1936 massacre in Ethiopia

The Gondrand massacre was a 1936 Ethiopian attack on Italian workers of the Gondrand company. The massacre was reported to the League of Nations and was publicized by Fascist Italy in an attempt to justify its ongoing invasion of Ethiopia.

==Background==
After reoccupying Shire Enda Selassie following the December offensive, Ras Imru implemented a tactic of guerrilla warfare. He organized several highly mobile units of 400 to 500 men that were sent behind enemy lines and reached as far as Italian Eritrea.

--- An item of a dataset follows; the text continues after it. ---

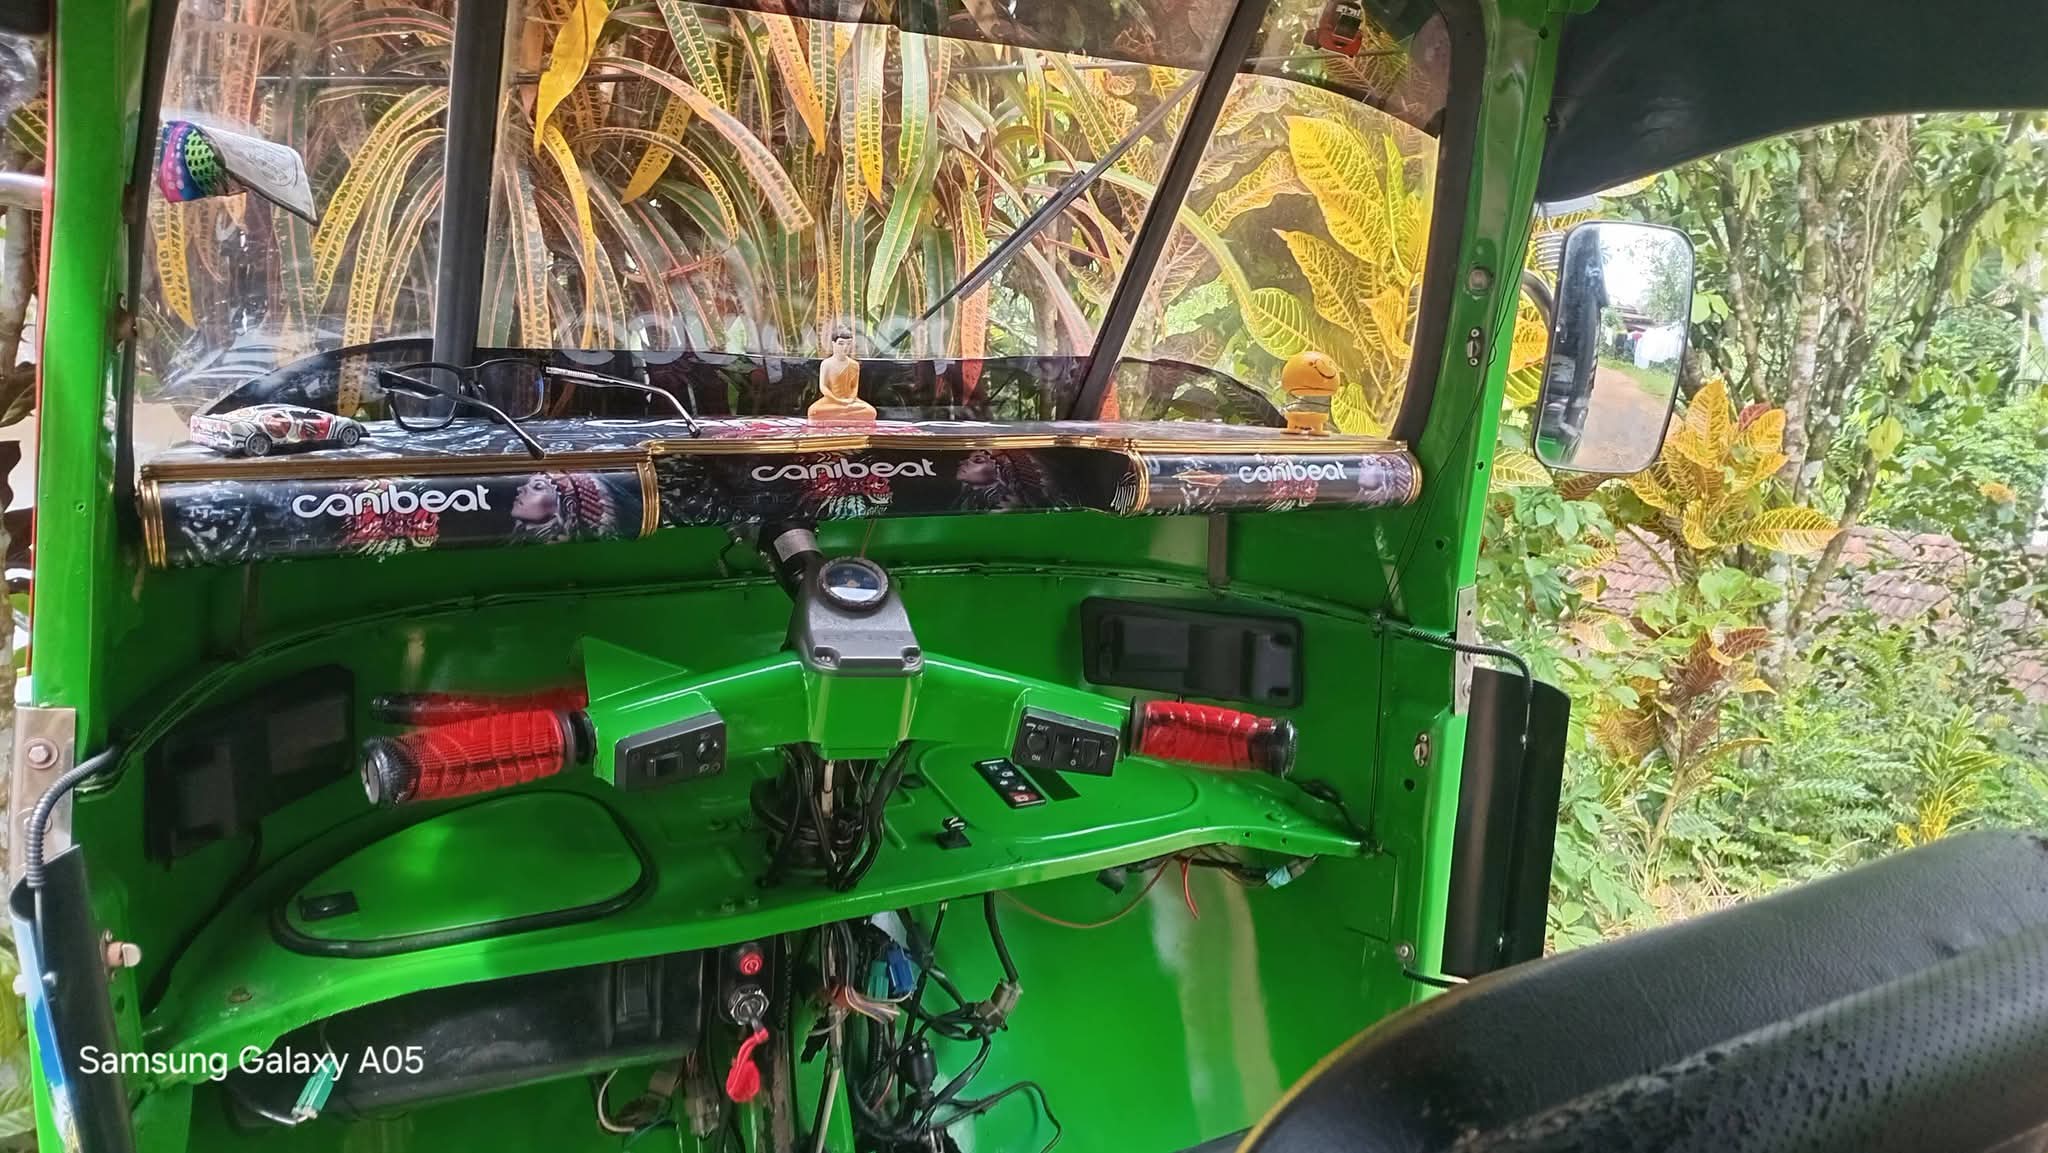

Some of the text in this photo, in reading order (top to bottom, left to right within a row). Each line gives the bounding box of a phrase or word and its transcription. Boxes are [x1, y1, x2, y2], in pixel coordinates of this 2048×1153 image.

In the locality of Wtok Emni near Mai Lahlà, located in the rear of Ethiopian territory in the immediate vicinity of the border with Italian Eritrea, the National Transport Company Gondrand was busy with the construction of colonial roads and near the village of Daro Taclè it had placed its construction site no. 1, engaged in the widening of the road between Asmara and Adwa.

==The massacre==
On the night of 12 February 1936, a band of 100 men under the command of the Fitawrari Chenfè came across the camp of civilian workers for the logistics company Gondrand, engaged at the time in road construction near the northern Ethiopian town of Mai Lahlà, the current Rama. Under the orders of Ras Imru, the Ethiopians then attacked the camp at dawn. The construction yard was equipped with about 15 muskets, and the workers also used their work tools as defense weapons, but they were overwhelmed by the surprise attack of the Ethiopians.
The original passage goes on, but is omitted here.